We report the clinicopathological and immunohistochemical findings of an incidentally discovered AT of the right adrenal gland in a 29-year-old man.

Material and methods

The resected adrenal gland with tumour was fixed in a 10% buffered formaldehyde solution. Representative sections of the tumour were embedded in paraffin. Tissue samples were cut into approximately 4 mm thick sections by microtome, placed on glass slides and stained with haematoxylin end eosin for histopathological examination. Additional sections were made for immunohistochemical analysis (for details see Table I).
Proliferative activity of the tumour was determined using immunohistochemical staining for nuclear protein MIB-1 (Ki-67). The proliferative activity rate (MIB-index) was calculated as a percentage of nuclei positive for MIB-1 in five areas of 100 cells each.
Clinical data were obtained from the patient’s files in the Endocrinology and Surgery Departments.

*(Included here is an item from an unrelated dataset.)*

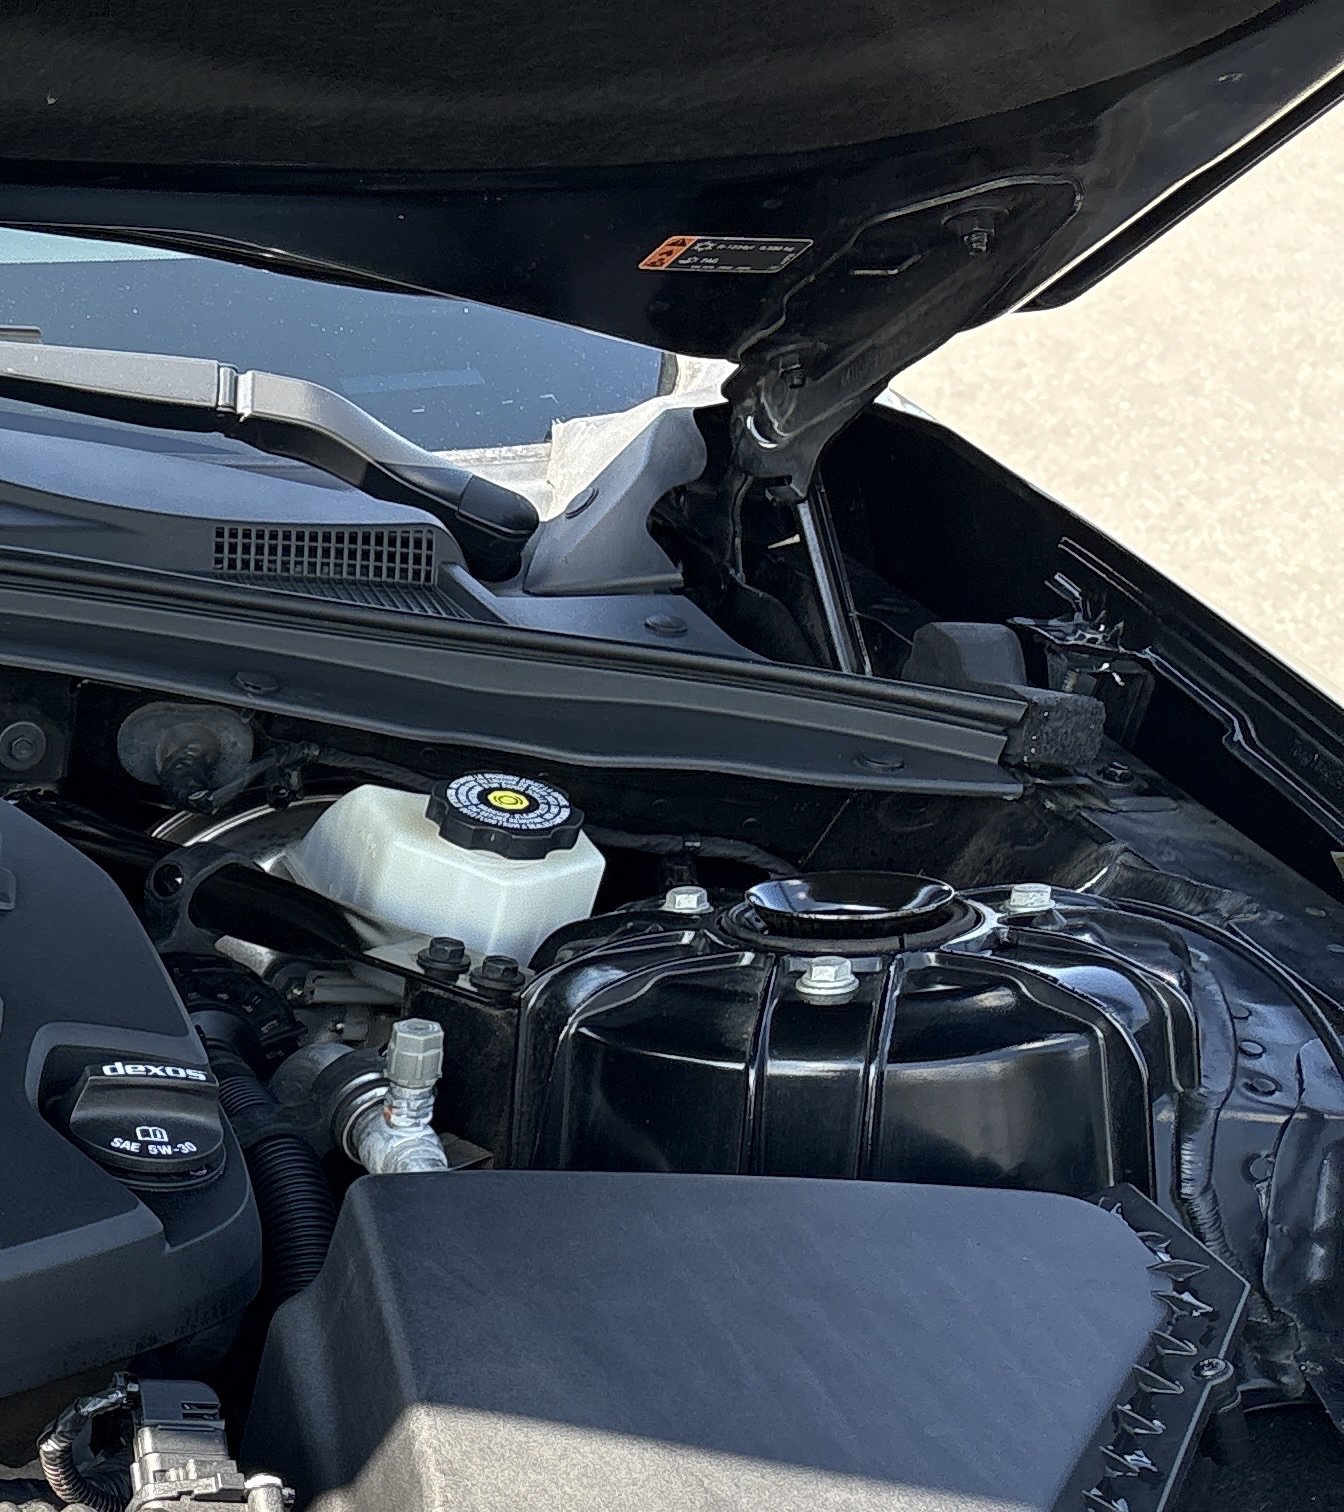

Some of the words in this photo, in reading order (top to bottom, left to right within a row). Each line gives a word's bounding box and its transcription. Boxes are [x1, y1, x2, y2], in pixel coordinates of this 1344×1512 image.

Clinical and macroscopic findings

A 29-year-old male was admitted to the hospital with the diagnosis of inguinal hernia. The pre-operative imaging procedures revealed a well circumscribed, mostly solid, 4 mm tumour of the right adrenal gland. The right adrenal gland with the tumour was removed.
The material sent for the histological examination weighted 34 g and consisted of fatty tissue and enlarged adrenal gland. On cross-sections a mass 4 cm in the biggest dimension arising from not-widened 3.5 cm long adrenal gland was seen (Fig. 1). The tumour was solid and well circumscribed. Its cut surface was smooth, greyish-white and partly yellow without haemorrhage or necrosis.

Histological findings

The histological examination revealed an unencapsulated tumour consisting of a mixture of different patterns: gland-like spaces of various size, irregular outline and focal cystic dilation and solid nests of cells set in a fibrous stroma (Fig. 2). The tumour structures were seen between nests of residual adrenocortical cells (Fig. 3). A discontinuous rim of compressed adrenal cortex was focally present around the tumour. Cells lining these irregular channels and tubular structures were mostly flattened resembling endothelial cells (Fig. 2). Some of them were plump with epithelioid features and abundant cytoplasm. Small groups of cells with the appearance of so-called signet-ring cells with round, intracytoplasmic vacuoles were also seen (Fig. 3). Nuclei were vesicular, occasionally with small nucleolus. None of the cells exhibited atypia or pleomorphism. Mitotic figures and necrosis were absent. Small lymphoid aggregates and foci of lipomatous metaplasia were focally present within the tumour (Fig. 4). The adrenal medulla had typical histological structure without evidence of the tumour cells. Mucicarmin stain did not reveal any presence of mucin within signet-ring like cells or in tumour channels. An immunohistochemical examination showed that the tumour cells exhibited strong expression of cytokeratin AE1/AE3, CK7, calretinin (Fig. 5), D2-40 (Fig. 5) and vimentin (Fig. 5). Focal expression of cytokeratin CK5/CK6 was observed. Tumour cells did not express any vascular markers like: CD31, CD34 and Factor VIII or epithelial marker CK20. Proliferating activity measured by expression of proliferative marker Ki-67 (MIB-index) did not exceed 1% of cells.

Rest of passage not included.